I've created some gists:

Index Stats
Segments
Index Shard Stats

Might be worth mentioning we're not using any custom document routing, since I notice the primary shards have somewhat varying sizes.

Thanks,
Mike

I see two (possibly related) things in this excerpt from the shard-level stats. The inflated shards have significantly higher flush counts, and a local checkpoint that lags the maximum sequence number by a long way. The lagging local checkpoint means Elasticsearch keeps hold of a lot of translog, and indeed the translog.uncommitted_size_in_bytes statistics correlate well with the difference between the sizes of primary and replica. The total size of the translog is much larger on the problematic shards too, on both primary and replica, because the lagging local checkpoint prevents the global checkpoint from advancing, which in turn prevents old parts of the translog from being cleaned up, and I think this goes some way to explaining the imbalance in sizes between the different primaries, particularly since their document counts are so close.

It is possible that this is fixed by #29125: the high flush counts point in that direction, but I'm not sure that explains the lagging local checkpoint.
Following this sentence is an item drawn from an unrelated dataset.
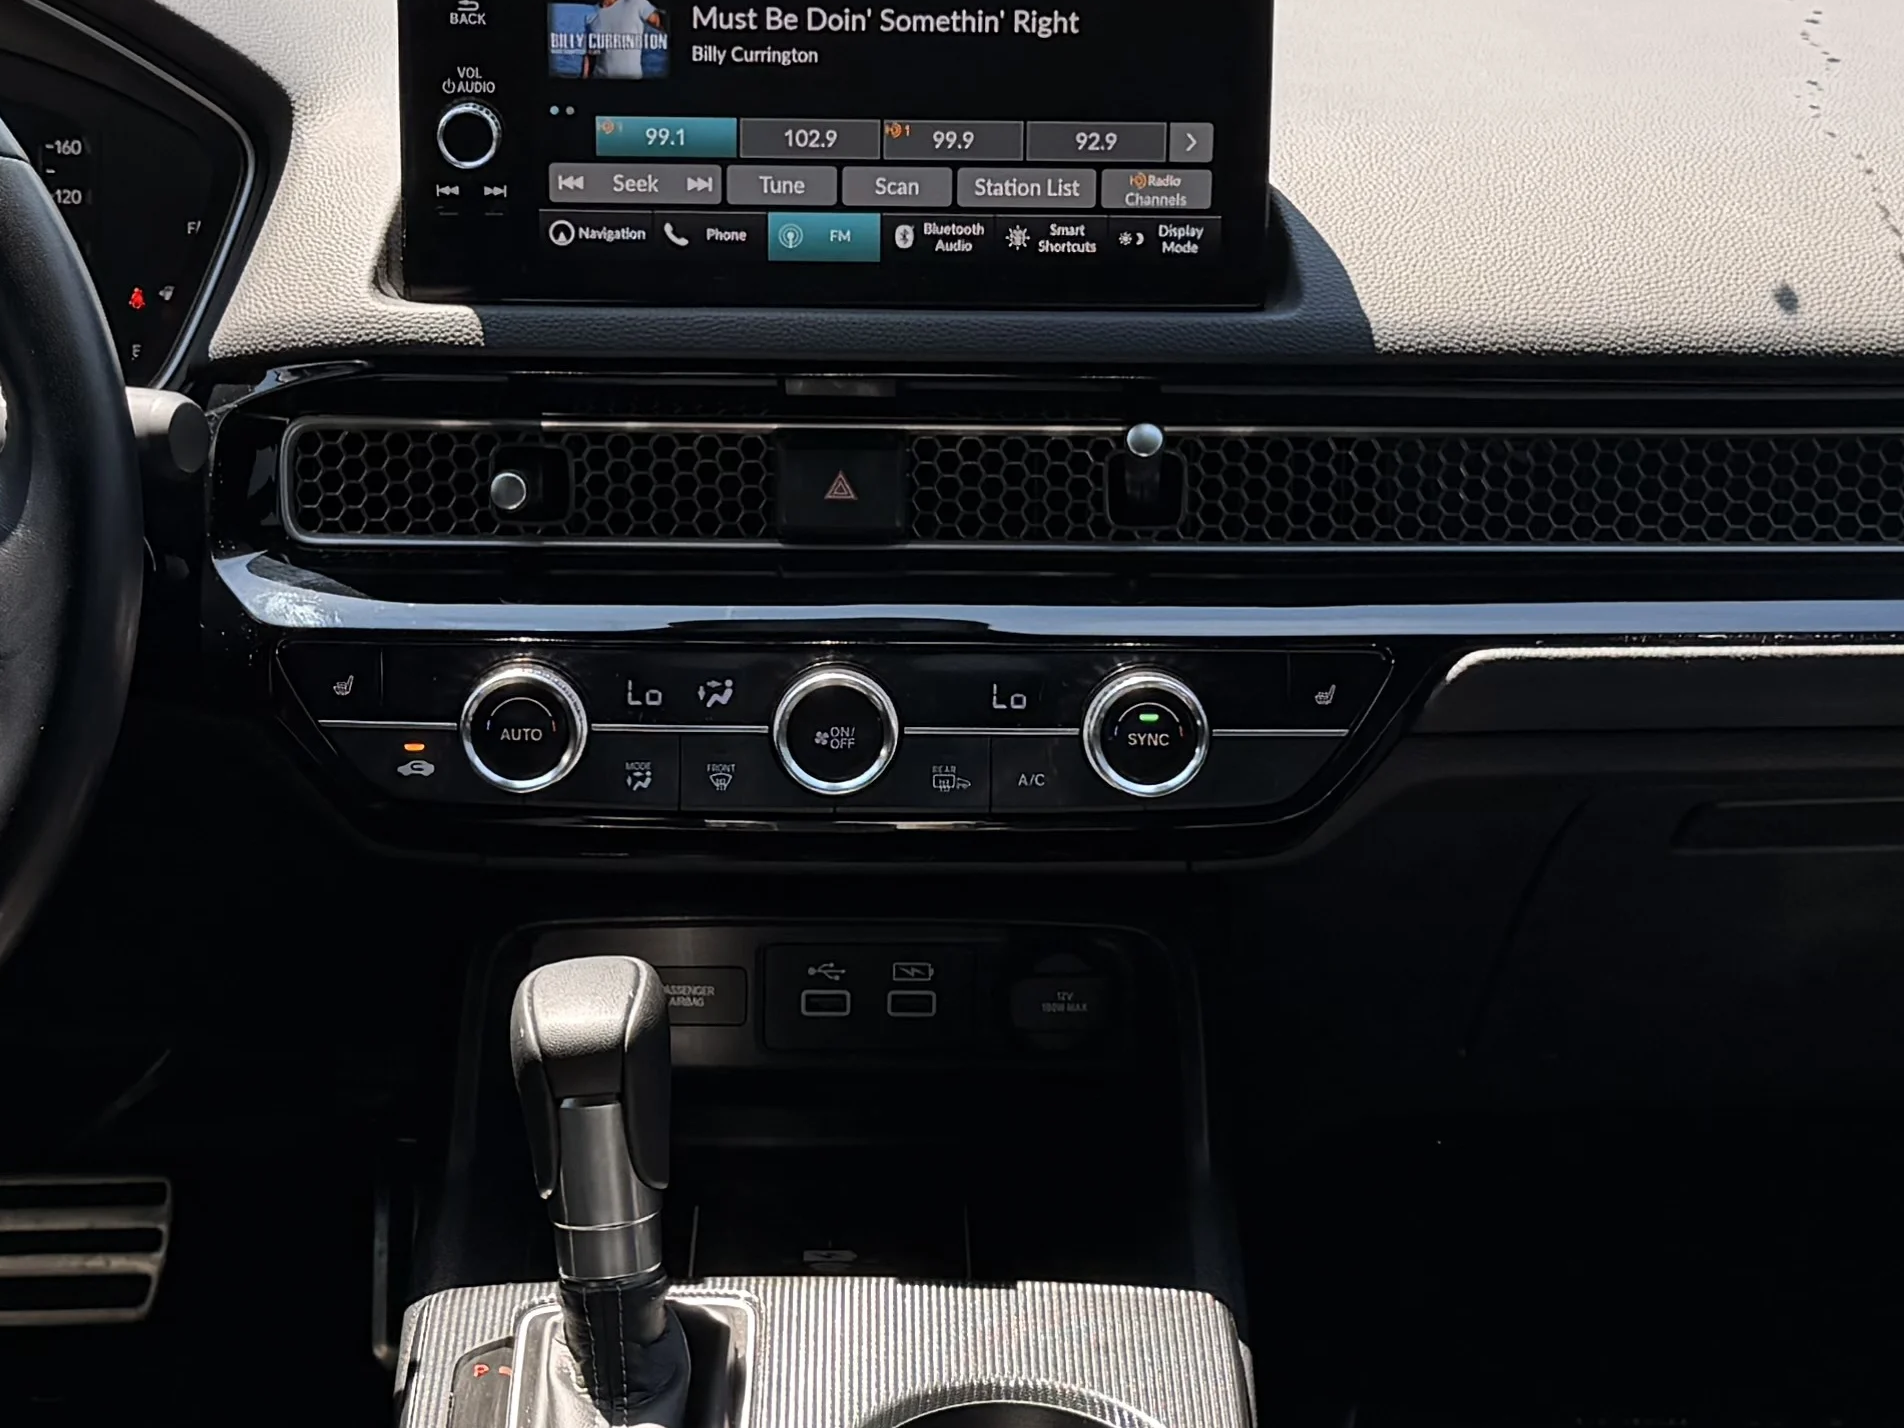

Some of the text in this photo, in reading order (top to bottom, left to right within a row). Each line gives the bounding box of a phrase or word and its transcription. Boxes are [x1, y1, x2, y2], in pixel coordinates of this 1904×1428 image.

I am not going to be available to look in more depth at this for the next week or so but will raise it with the team. In the meantime, it looks like rebuilding the replicas should get everything back on track.

The excerpt from the stats was obtained as follows:

$ cat 20180407_index_shards_stats.json | jq '.indices["applicationlogs-2018.04.07"].shards | map_values (map({primary:.routing.primary,translog,seq_no,flush}))'
2 Likes

Thanks for looking into this!

Interestingly it was due to #28350 that we upgraded to from 6.1.2, as we believed we were suffering from the symptoms of that described in another post somewhere on this forum.

I can confirm rebuilding replicas is a suitable workaround for the time being

Cheers,
Mike

1 Like

This topic was automatically closed 28 days after the last reply. New replies are no longer allowed.